Depuis la loi de finances pour 2023, la DPEL se compose de deux parts et de deux majorations, ces majorations correspondant aux compensations forfaitaires versées par l’État aux communes de moins de 3 500 habitants, au titre du remboursement aux élus de leurs frais de garde et du remboursement à la commune de la souscription obligatoire d’assurance pour la protection fonctionnelle des élus.
La mission recommande une hausse du seuil d’éligibilité à 3 500 habitants et d’indexer la DPEL sur l’inflation, et de supprimer les conditions de potentiel financier pour que toutes les communes de la strate puissent en bénéficier.

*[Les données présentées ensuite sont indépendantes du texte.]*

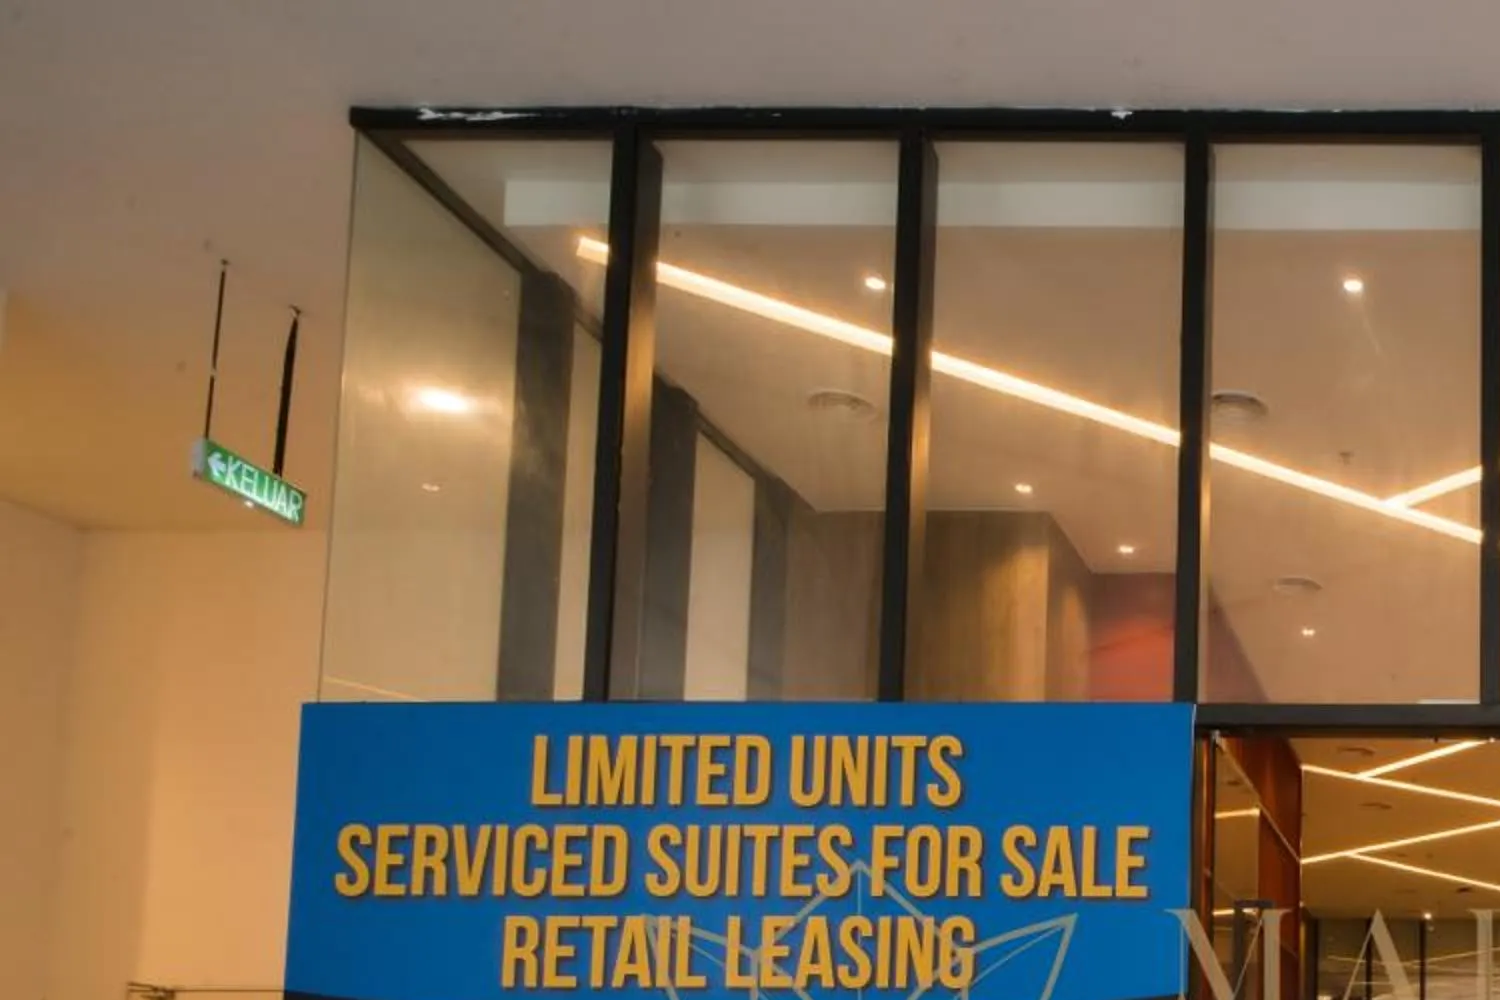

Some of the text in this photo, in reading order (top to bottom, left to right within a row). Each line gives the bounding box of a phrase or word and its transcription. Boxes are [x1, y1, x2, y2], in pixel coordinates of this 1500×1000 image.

[224, 455, 303, 522] KELUAR
[530, 734, 963, 808] LIMITED UNITS
[333, 823, 1150, 899] SERVICED SUITES FOR SALE
[500, 915, 977, 990] RETAIL LEASING
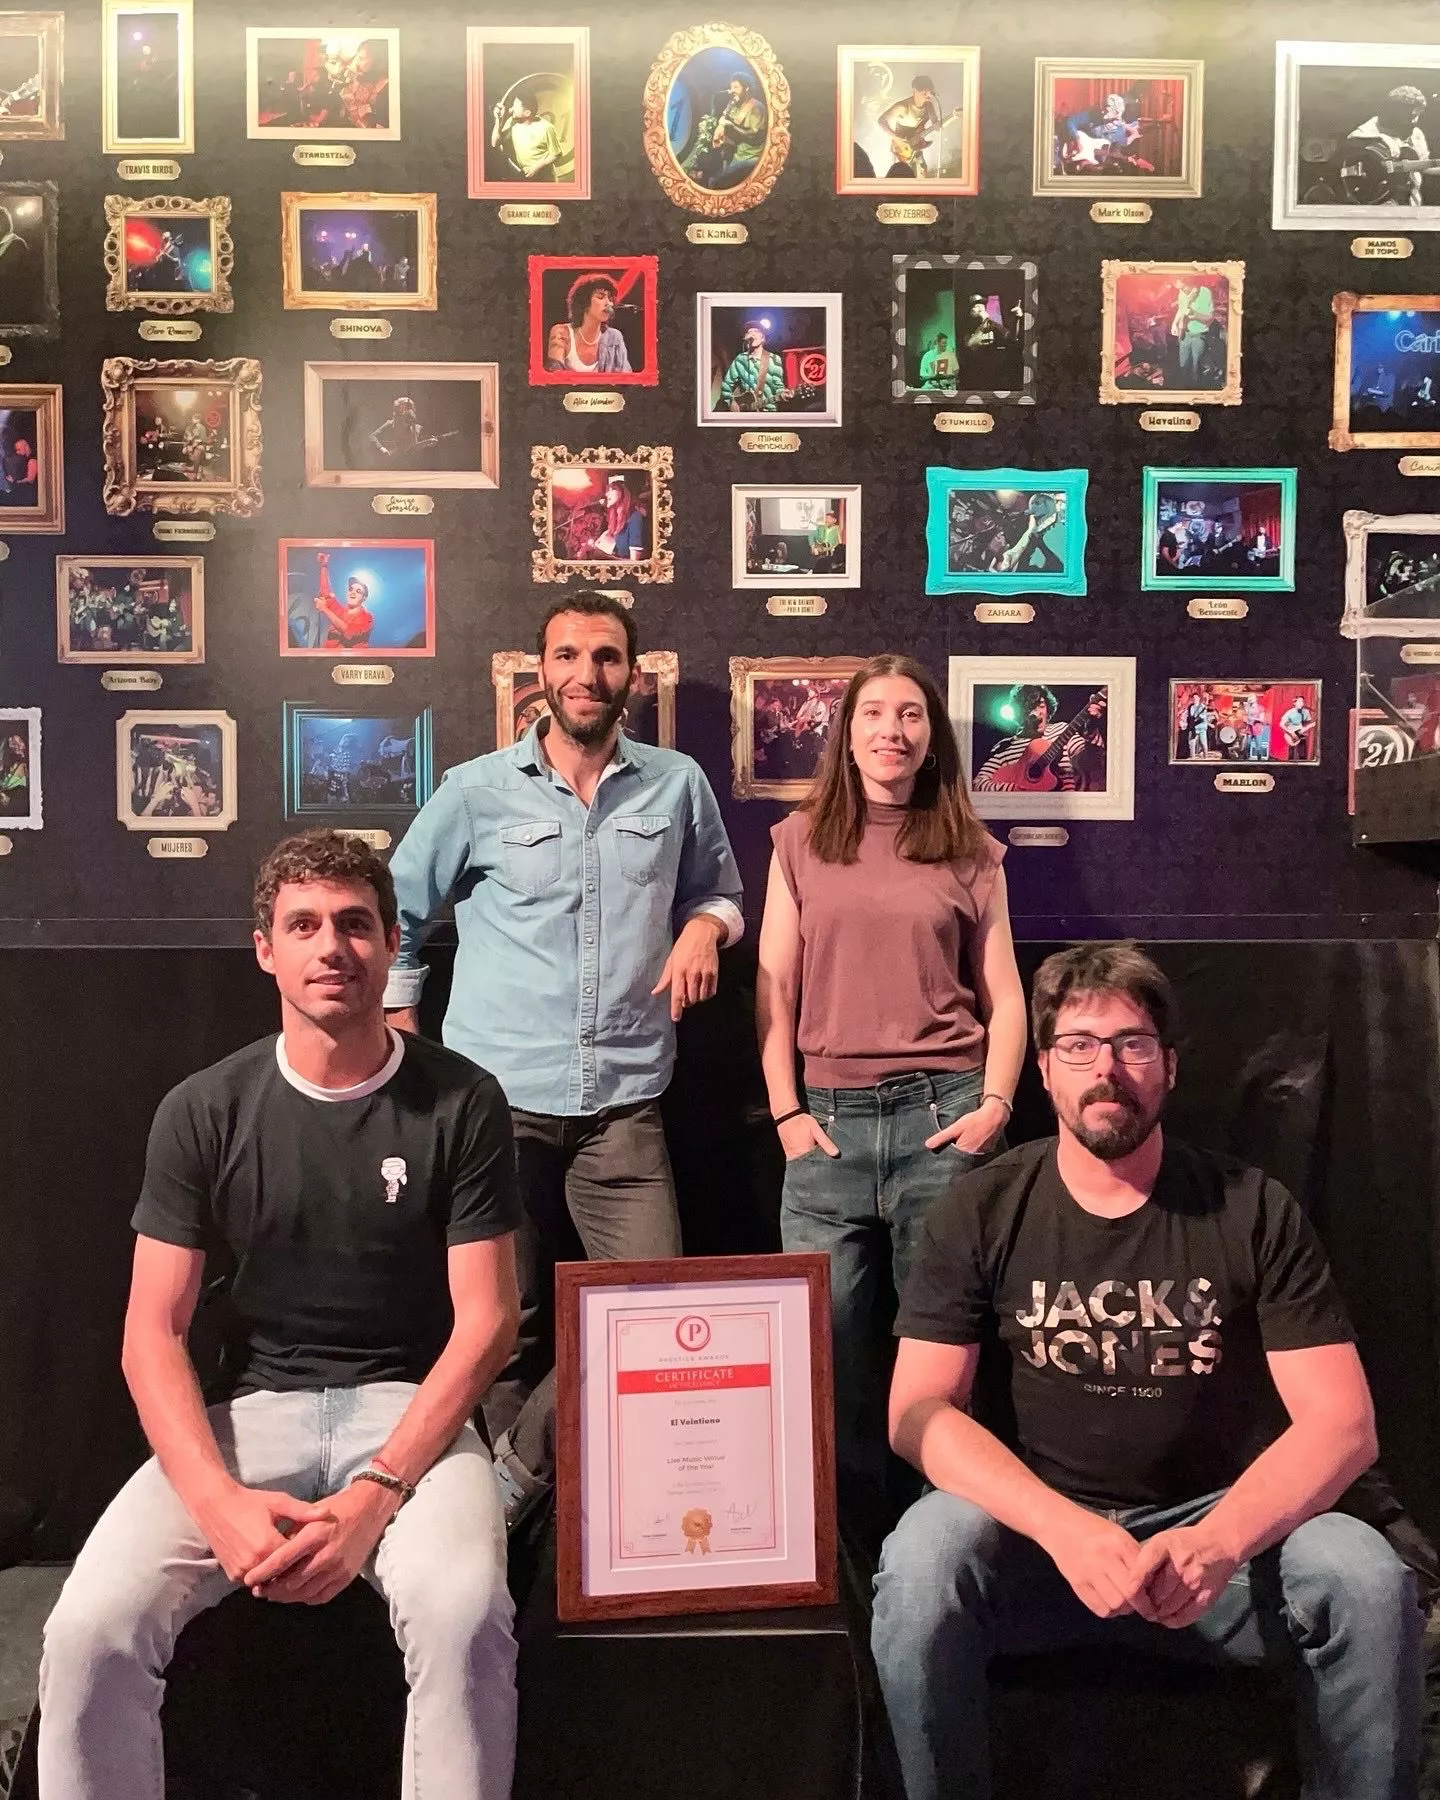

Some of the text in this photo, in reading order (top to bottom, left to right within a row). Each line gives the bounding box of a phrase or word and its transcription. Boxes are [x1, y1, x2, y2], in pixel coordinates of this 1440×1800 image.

Ces deux mesures, estime la mission, coûteraient environ 37 millions d’euros à l’État.
Par ailleurs, les sénateurs estiment qu’il serait juste que l’État compense financièrement l’activité que les maires, au titre du fameux « dédoublement fonctionnel » (il agit à la fois en tant qu’exécutif de la commune et agent de l’État), effectuent au nom de l’État. La délégation du Sénat juge qu’il devrait être créé une contribution de l’État « estimée à 10 % du plafond indemnitaire du maire », qui serait versée à la commune. Le maire « ne saurait être un passager clandestin de l’État », écrit la délégation.
Frais de transports
La délégation demande par ailleurs que « davantage de marge de manœuvre » soit donnée aux conseils municipaux dans l’attribution des indemnités aux élus, « en particulier pour tenir compte de la situation des conseillers délégués ». « La délégation aux collectivités territoriales souhaite que les communes puissent définir le volume des indemnités à partir du nombre théorique maximal d’adjoints susceptibles d’être désignés. Cette évolution permettrait ainsi d’augmenter le montant de l’enveloppe indemnitaire globale lorsqu’une commune n’a pas désigné la totalité des adjoints. »
Elle souhaite également que les frais de transport des élus soient mieux pris en charge. Pour l’instant, le remboursement des frais de transport intervenant dans le cadre des fonctions des élus est facultative, et beaucoup d’élus « se refusent à le solliciter pour ne pas peser sur les budgets locaux ». La délégation propose de rendre le remboursement obligatoire, et « de créer au sein de la DPEL une part spécifique permettant de financer ces frais de déplacement » dans les communes de moins de 3 500 habitants.
Enfin, les rapporteurs souhaitent clarifier la question épineuse des arrêts maladie, et permettant aux élus de pouvoir, s’ils le peuvent, continuer d’exercer leur mandat pendant un arrêt maladie sans se voir sanctionnés par la Sécurité sociale.
Ils se livrent également à plusieurs recommandations pour faciliter l’exercice du mandat pour les élus handicapés et pour « améliorer le régime des autorisations d’absence pour compenser les pertes de revenu liées à l’exercice du mandat ».
Toutes ces propositions seront certainement évoquées lors du débat qui aura lieu au Grand auditorium du congrès de l’AMF, mercredi prochain à 10 h, intitulé « Être élu local, les réalités d’un engagement toujours plus exigeant », en présence notamment de Françoise Gatel, co-rédactrice du rapport.